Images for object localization
►

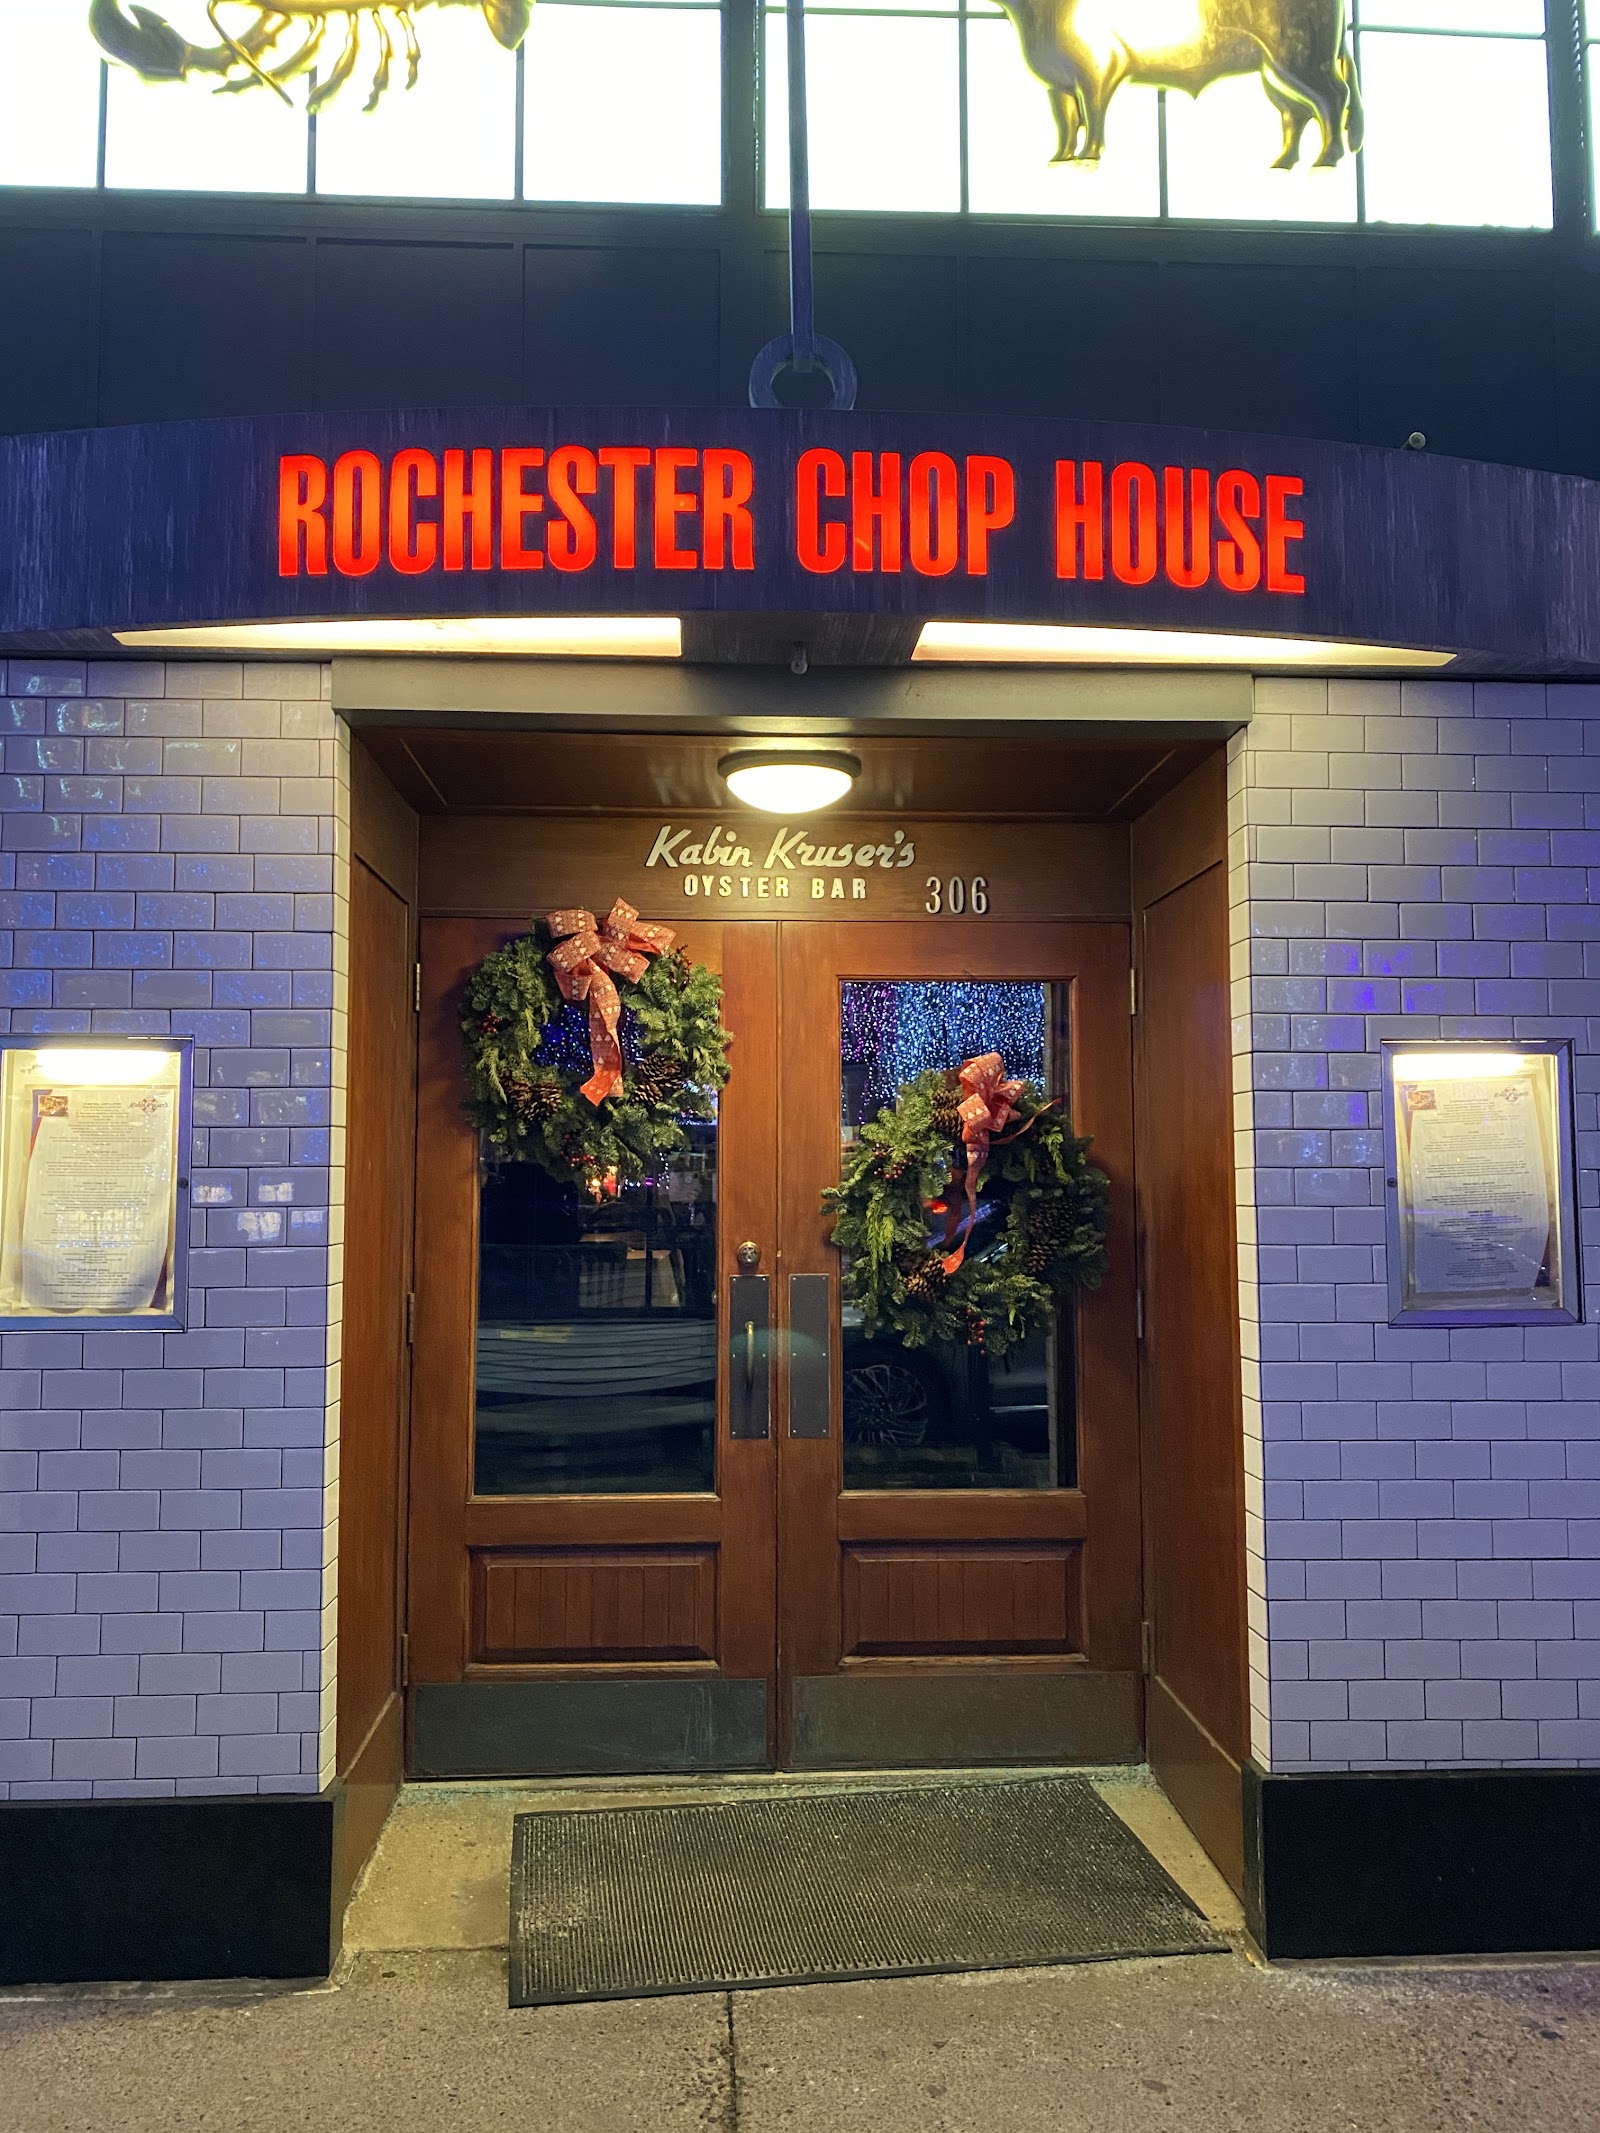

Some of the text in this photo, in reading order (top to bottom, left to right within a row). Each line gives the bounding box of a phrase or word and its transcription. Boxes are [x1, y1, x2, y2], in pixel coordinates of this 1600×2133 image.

[278, 445, 1306, 594] ROCHESTER CHOP HOUSE
[645, 825, 915, 869] Kabin Kruser's
[684, 874, 867, 899] OYSTER BAR
[925, 875, 988, 914] 306
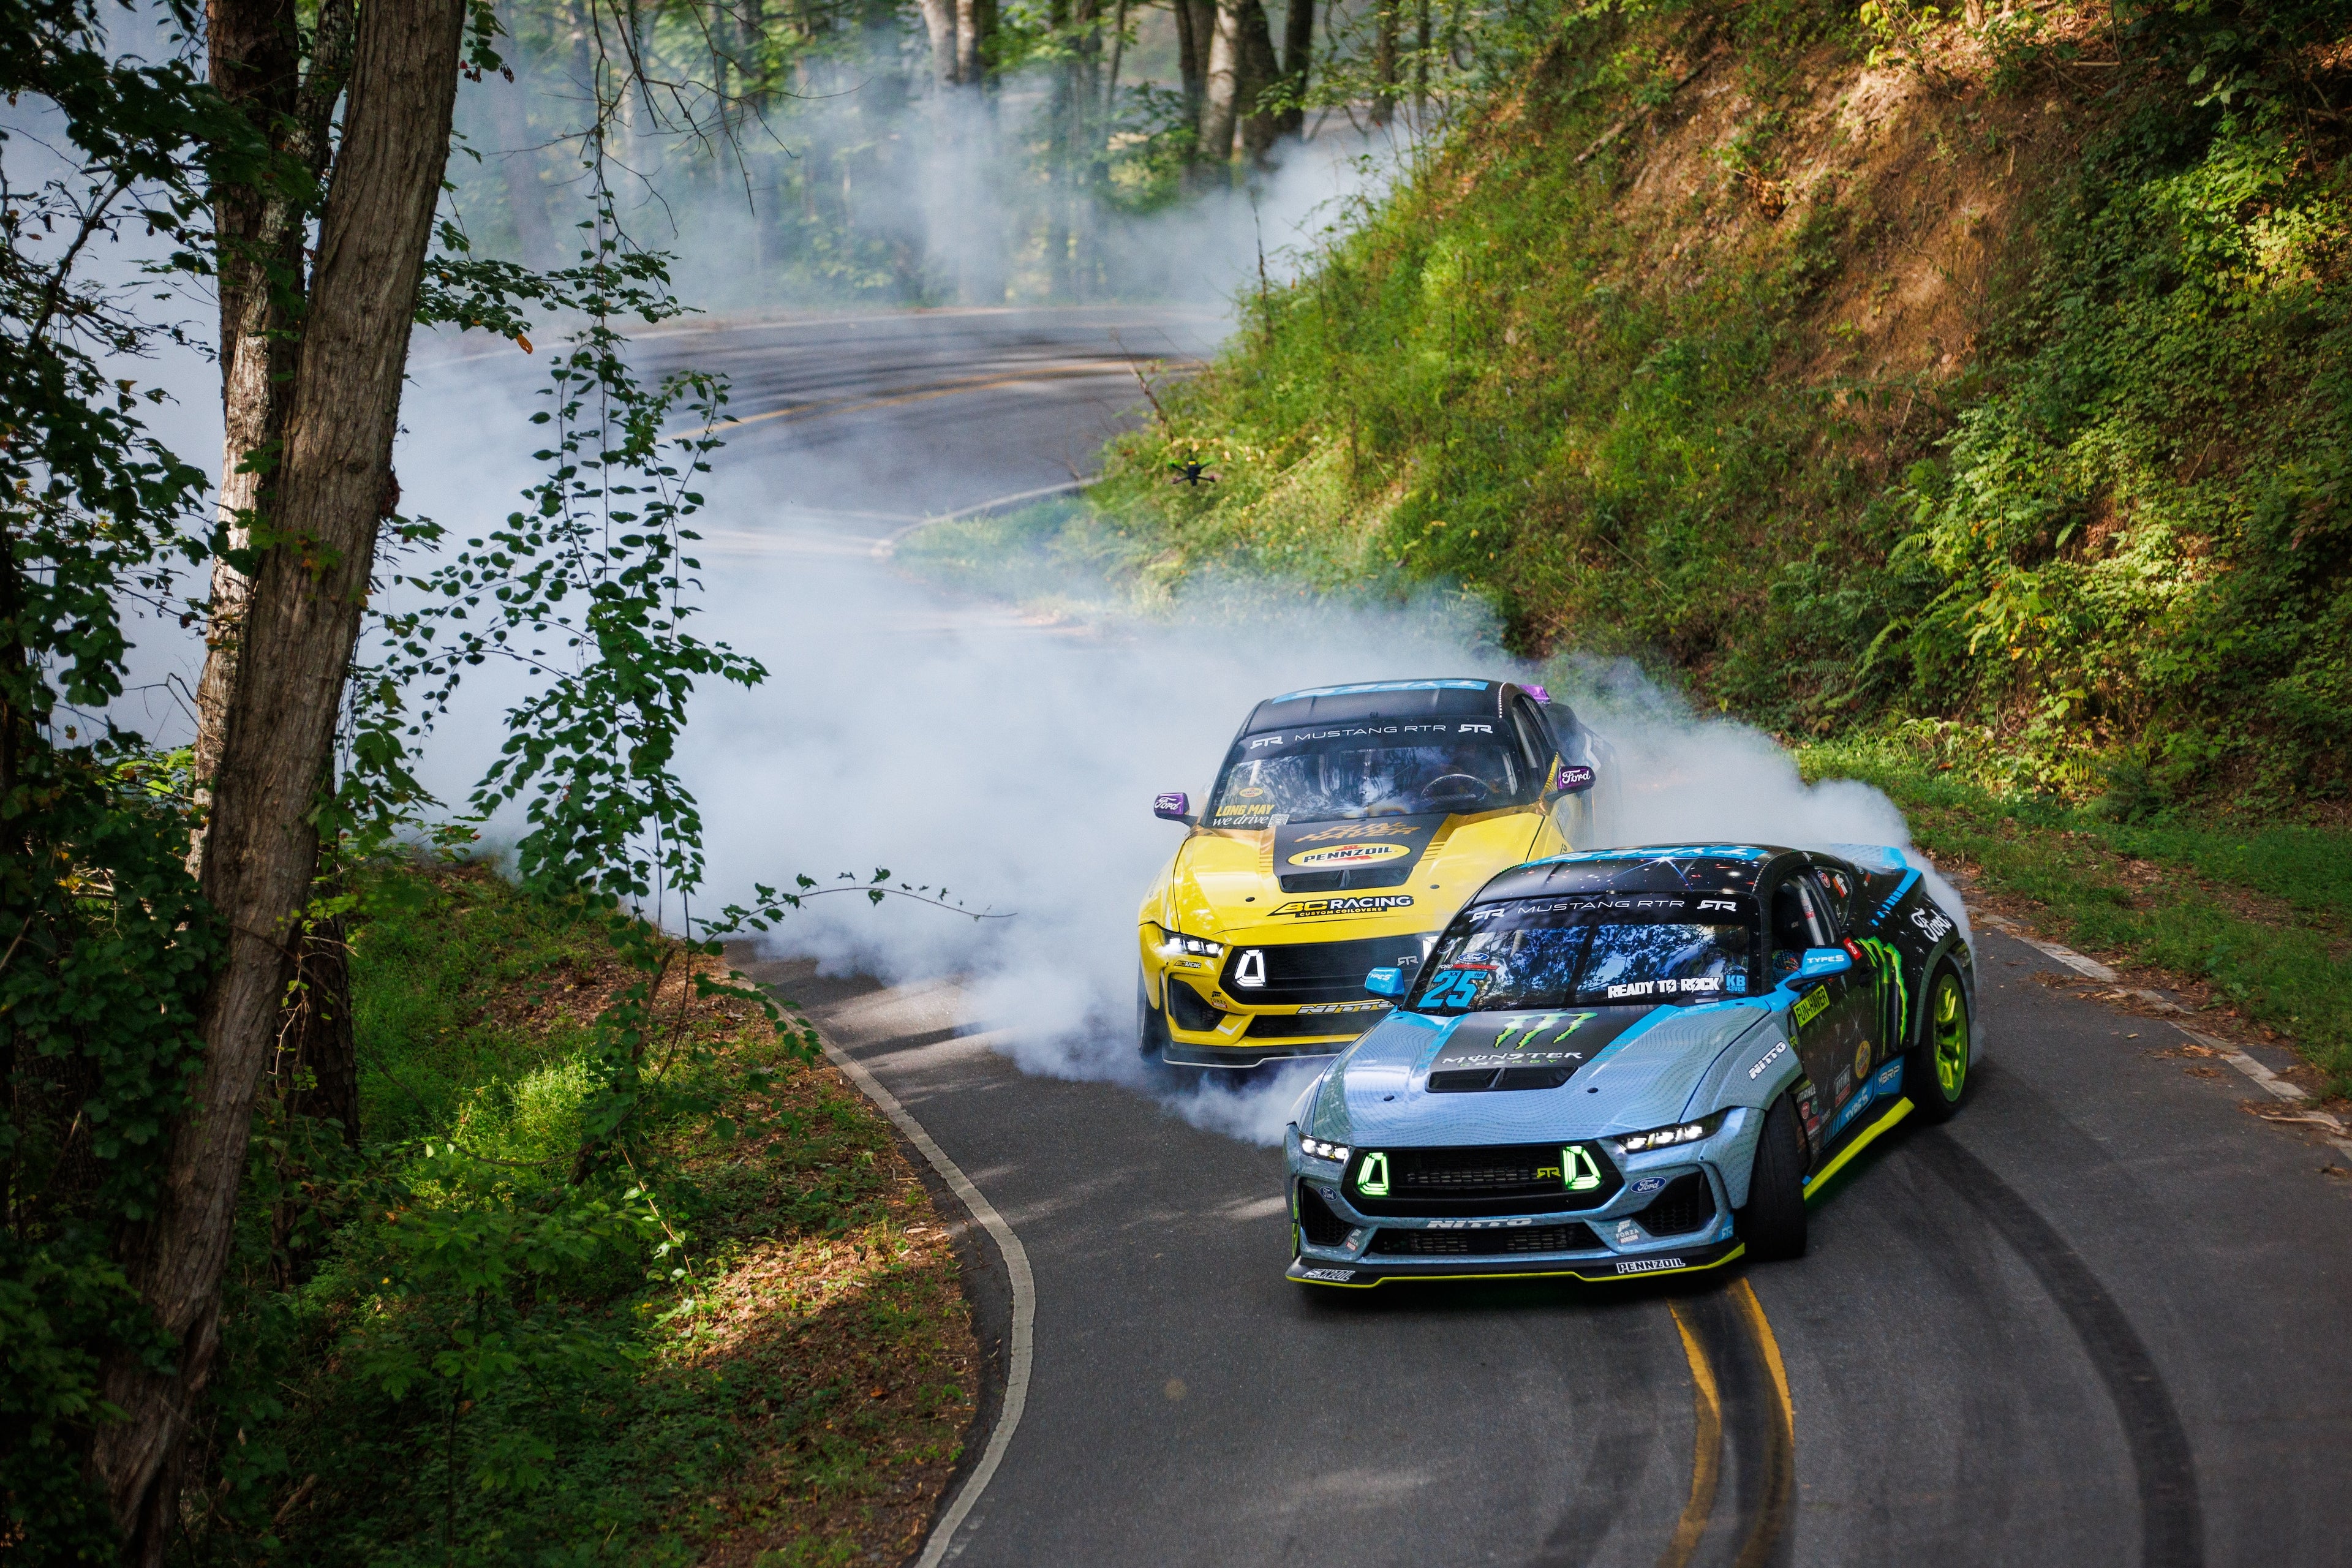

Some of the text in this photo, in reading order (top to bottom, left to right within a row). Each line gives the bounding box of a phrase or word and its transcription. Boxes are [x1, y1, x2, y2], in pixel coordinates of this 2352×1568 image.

◄

The records must be copied with no word altered, and without their pictures.

EXPECTED OUTPUT:
Some of the text in this photo, in reading order (top to bottom, left to right within a row). Each line gives the bounding box of a phrase or word and its transcription. Boxes are [x1, y1, x2, y2], in pixel coordinates of this 1600×2133 image.

[278, 445, 1306, 594] ROCHESTER CHOP HOUSE
[645, 825, 915, 869] Kabin Kruser's
[684, 874, 867, 899] OYSTER BAR
[925, 875, 988, 914] 306

Some of the text in this photo, in reading order (top to bottom, left to right within a row). Each line gives the bounding box of a phrase or word and its transcription. Boxes are [x1, y1, x2, y2], in pixel coordinates of this 2352×1568 image.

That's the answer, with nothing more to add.